About this task:
Please restate word for word each line from the one containing "this 2048×1365 image." to the last line of the records below, and drop the pictures.

(Items from a data source)
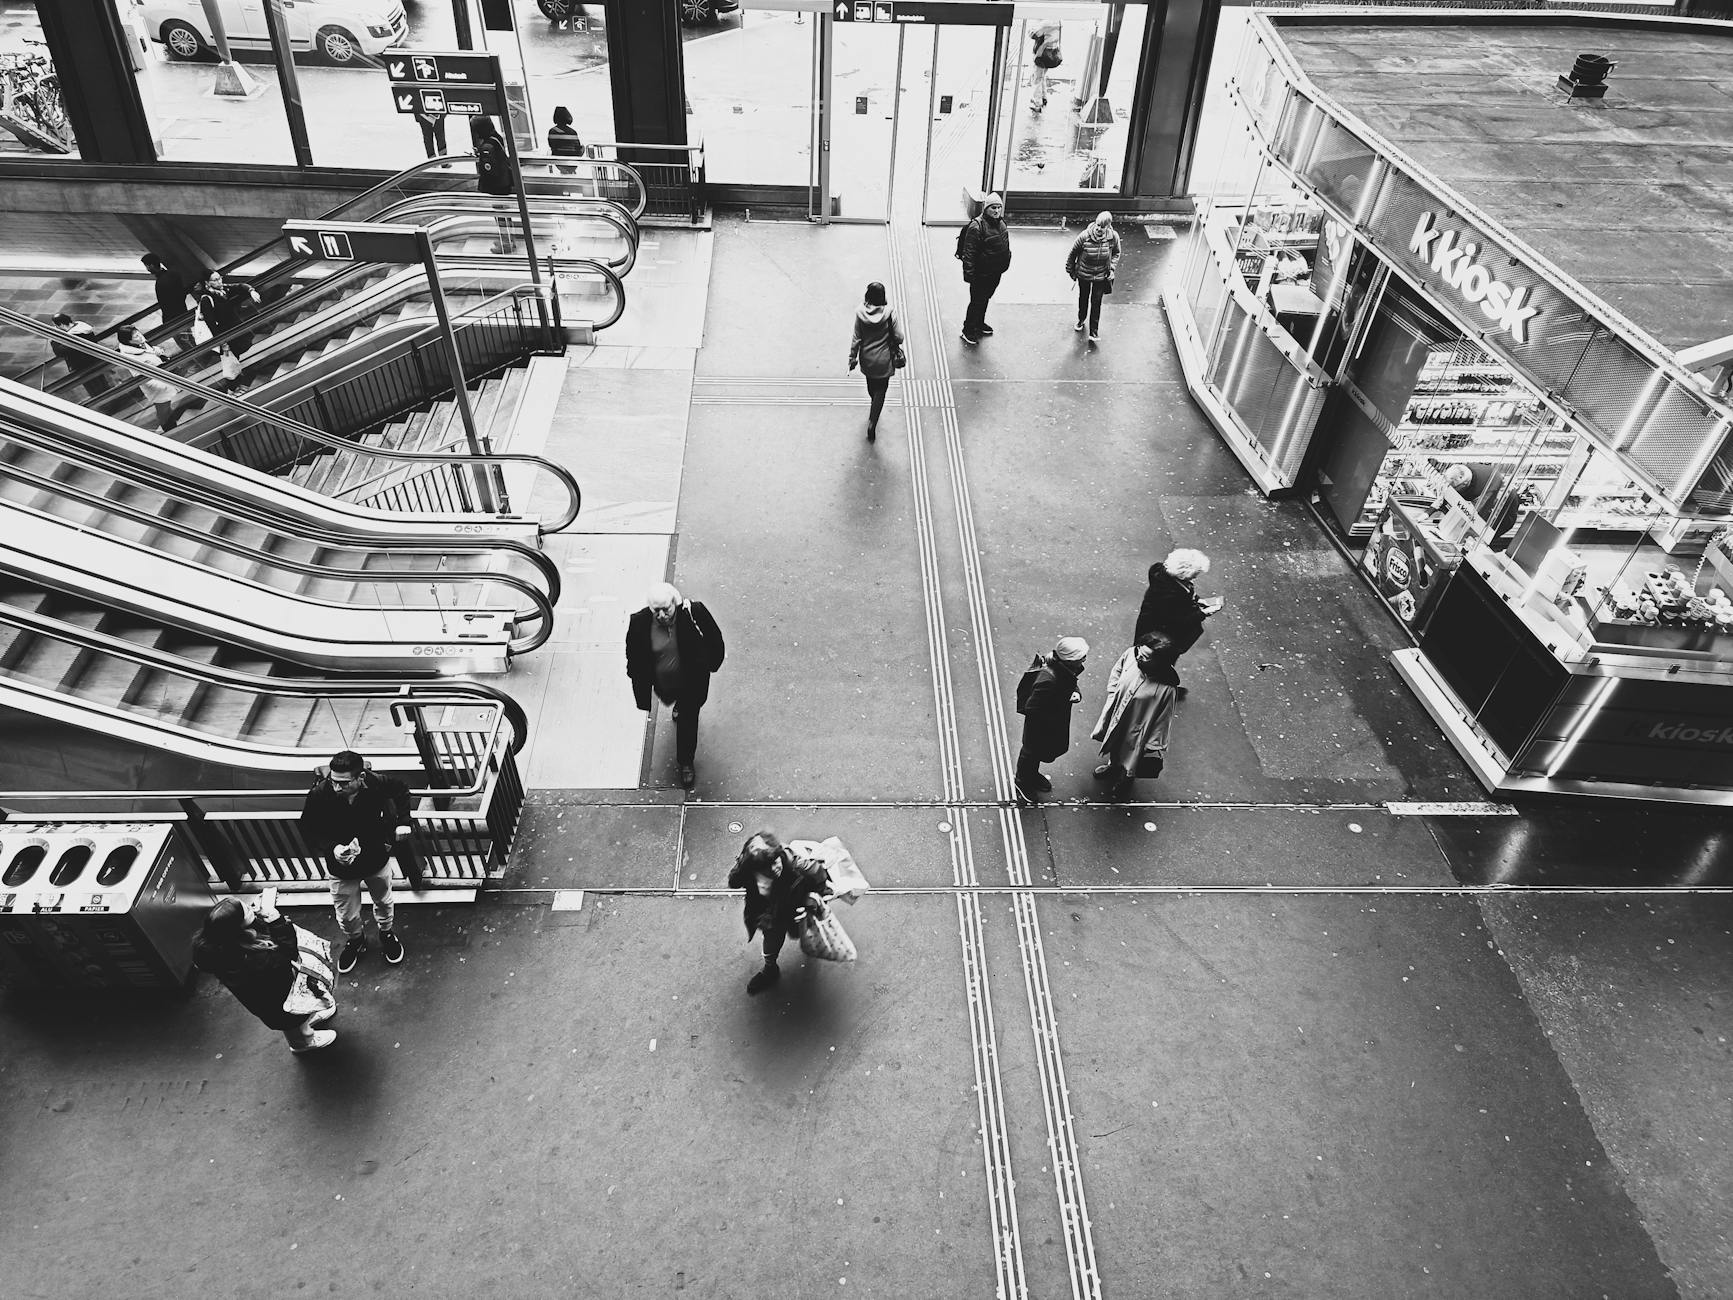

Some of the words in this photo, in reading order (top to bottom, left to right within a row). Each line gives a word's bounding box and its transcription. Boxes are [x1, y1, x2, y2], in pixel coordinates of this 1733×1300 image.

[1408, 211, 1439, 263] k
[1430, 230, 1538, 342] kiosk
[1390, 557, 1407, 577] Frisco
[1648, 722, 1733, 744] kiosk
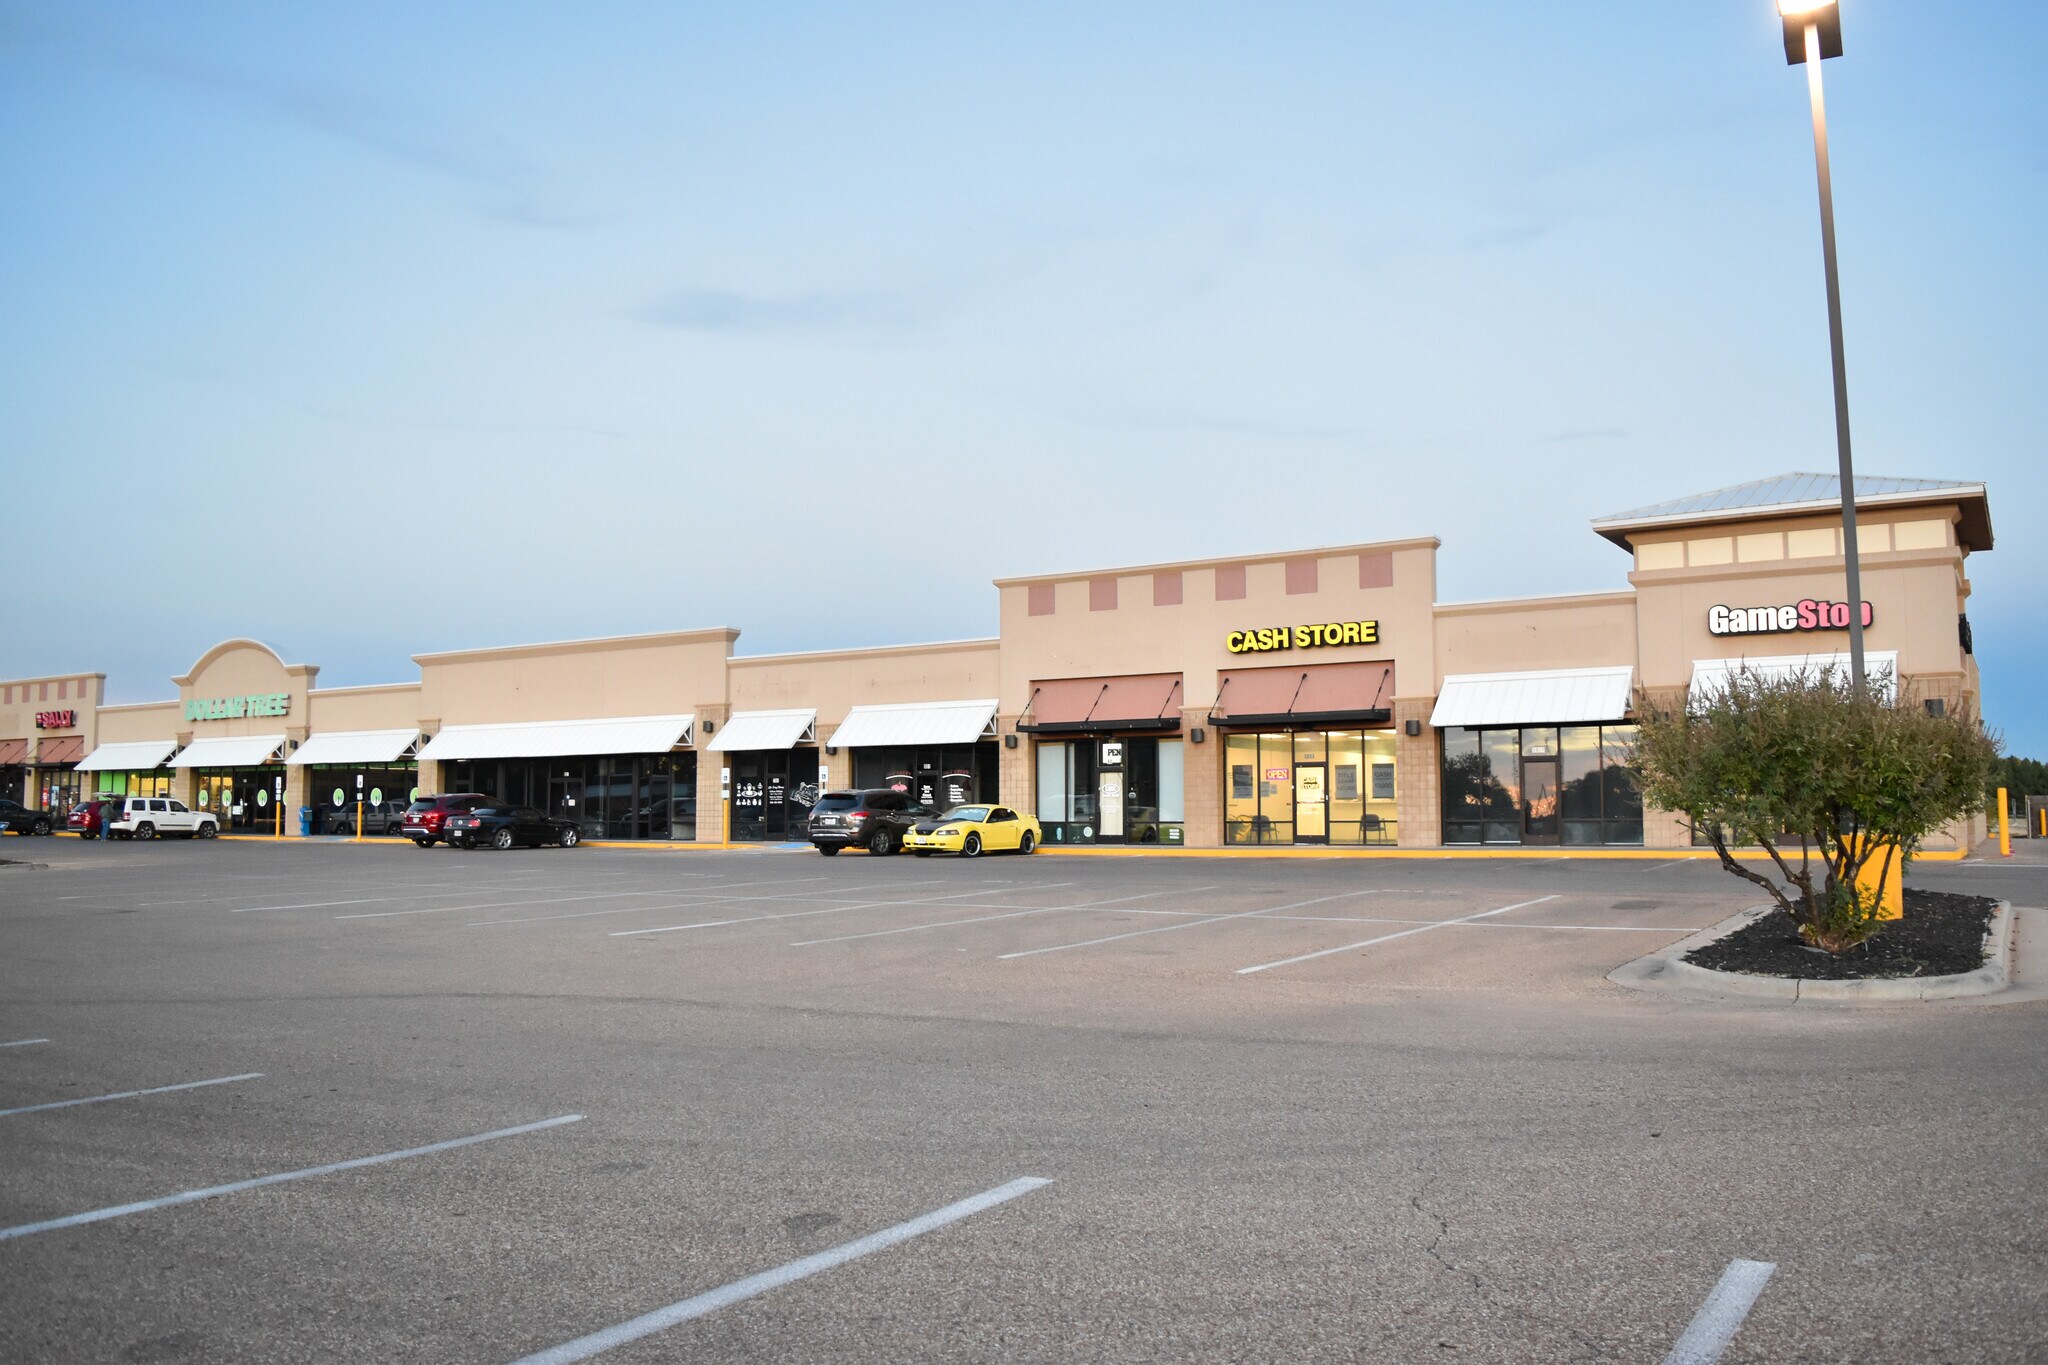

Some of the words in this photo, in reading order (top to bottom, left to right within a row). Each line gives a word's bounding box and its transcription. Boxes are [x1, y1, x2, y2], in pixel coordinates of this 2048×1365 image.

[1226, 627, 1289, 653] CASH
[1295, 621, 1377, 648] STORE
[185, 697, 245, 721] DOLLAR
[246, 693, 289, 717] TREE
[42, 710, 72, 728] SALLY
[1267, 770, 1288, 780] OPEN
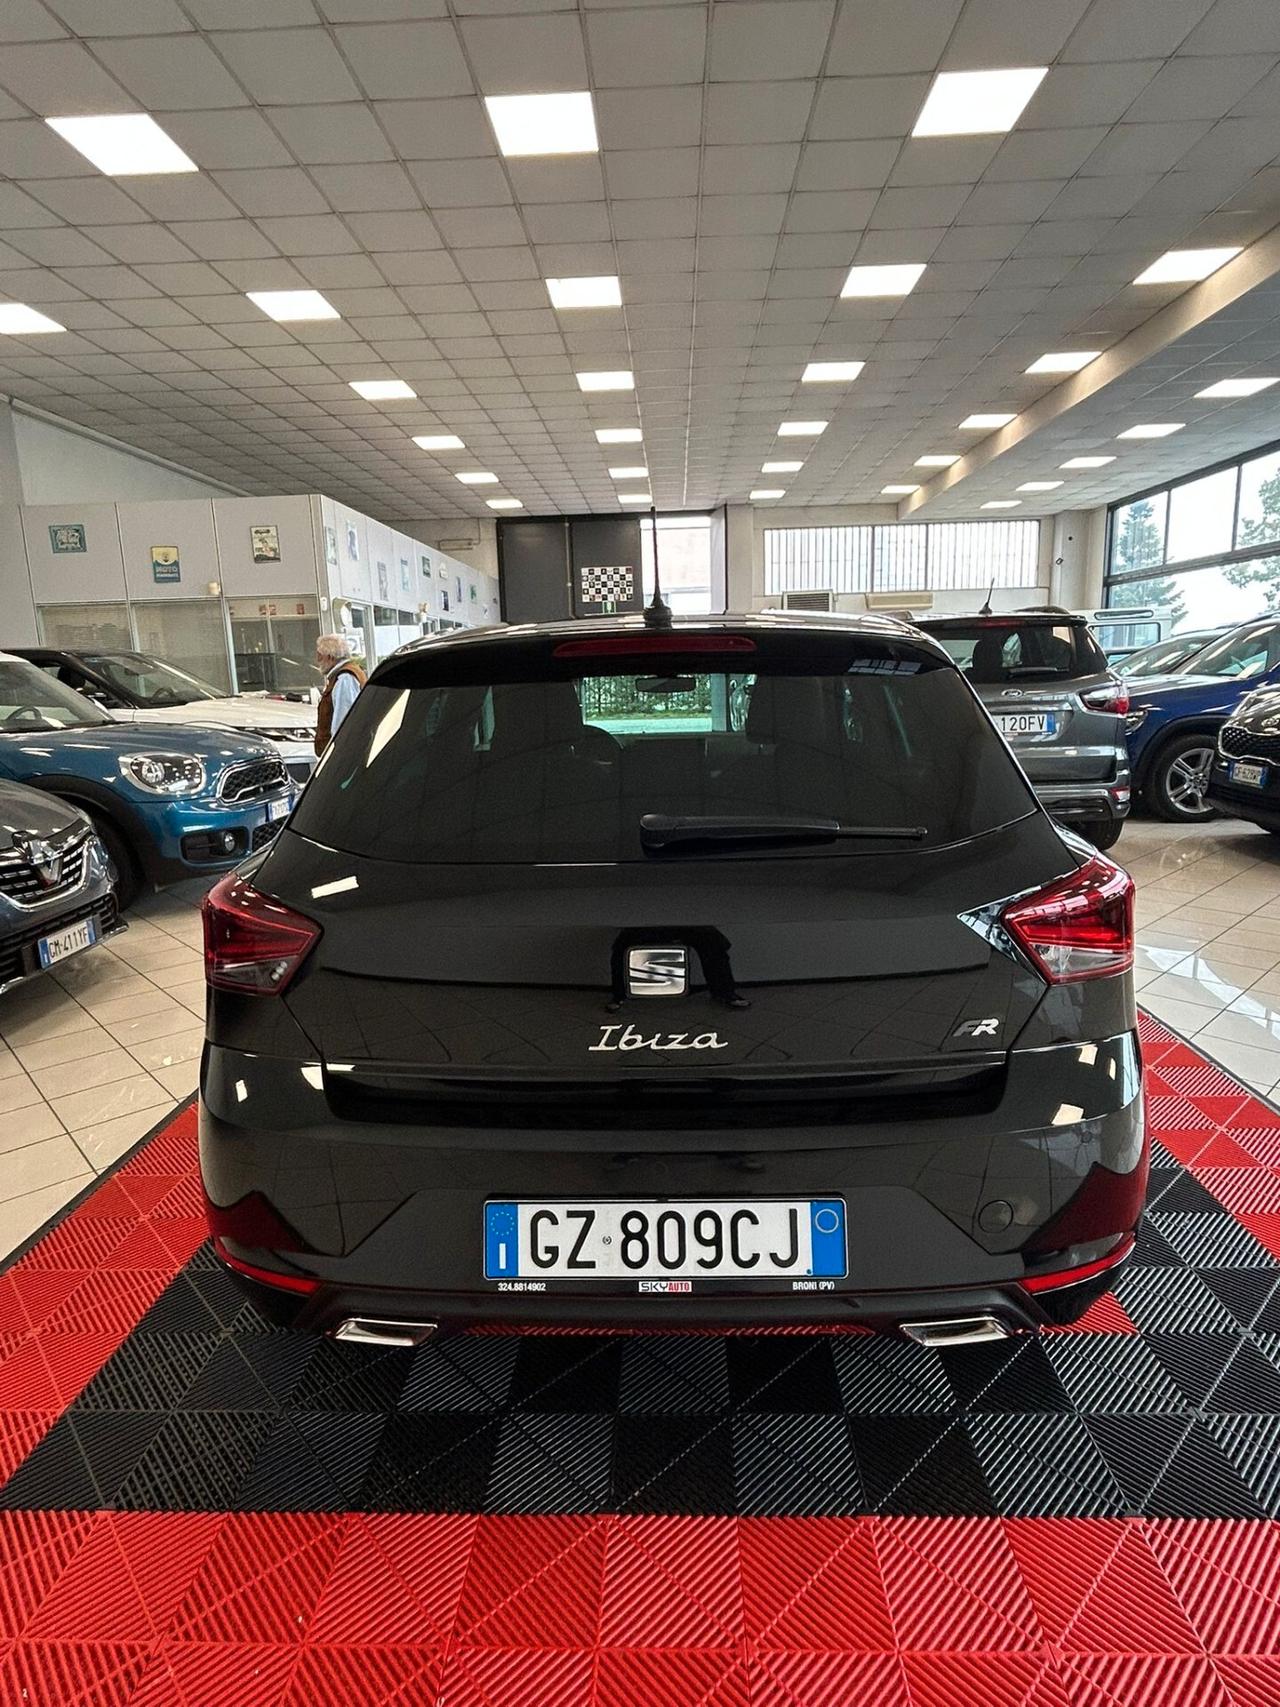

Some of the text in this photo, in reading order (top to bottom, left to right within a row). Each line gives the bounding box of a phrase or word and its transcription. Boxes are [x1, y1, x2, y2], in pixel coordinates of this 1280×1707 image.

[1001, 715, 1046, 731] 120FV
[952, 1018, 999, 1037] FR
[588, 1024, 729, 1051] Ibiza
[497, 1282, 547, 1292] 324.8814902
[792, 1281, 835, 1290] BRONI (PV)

Result below:
Some of the words in this photo, in reading order (top to bottom, left to right within a row). Each line gives a word's bounding box and its transcription. Boxes are [x1, y1, x2, y2], in pixel coordinates of this 2048×1365 image.

[1226, 627, 1289, 653] CASH
[1295, 621, 1377, 648] STORE
[185, 697, 245, 721] DOLLAR
[246, 693, 289, 717] TREE
[42, 710, 72, 728] SALLY
[1267, 770, 1288, 780] OPEN

Some of the text in this photo, in reading order (top to bottom, left to right within a row). Each line gives the bounding box of a phrase or word and its transcription. Boxes are [x1, y1, x2, y2], in pixel coordinates of this 1280×1707 image.

[1001, 715, 1046, 731] 120FV
[952, 1018, 999, 1037] FR
[588, 1024, 729, 1051] Ibiza
[497, 1282, 547, 1292] 324.8814902
[792, 1281, 835, 1290] BRONI (PV)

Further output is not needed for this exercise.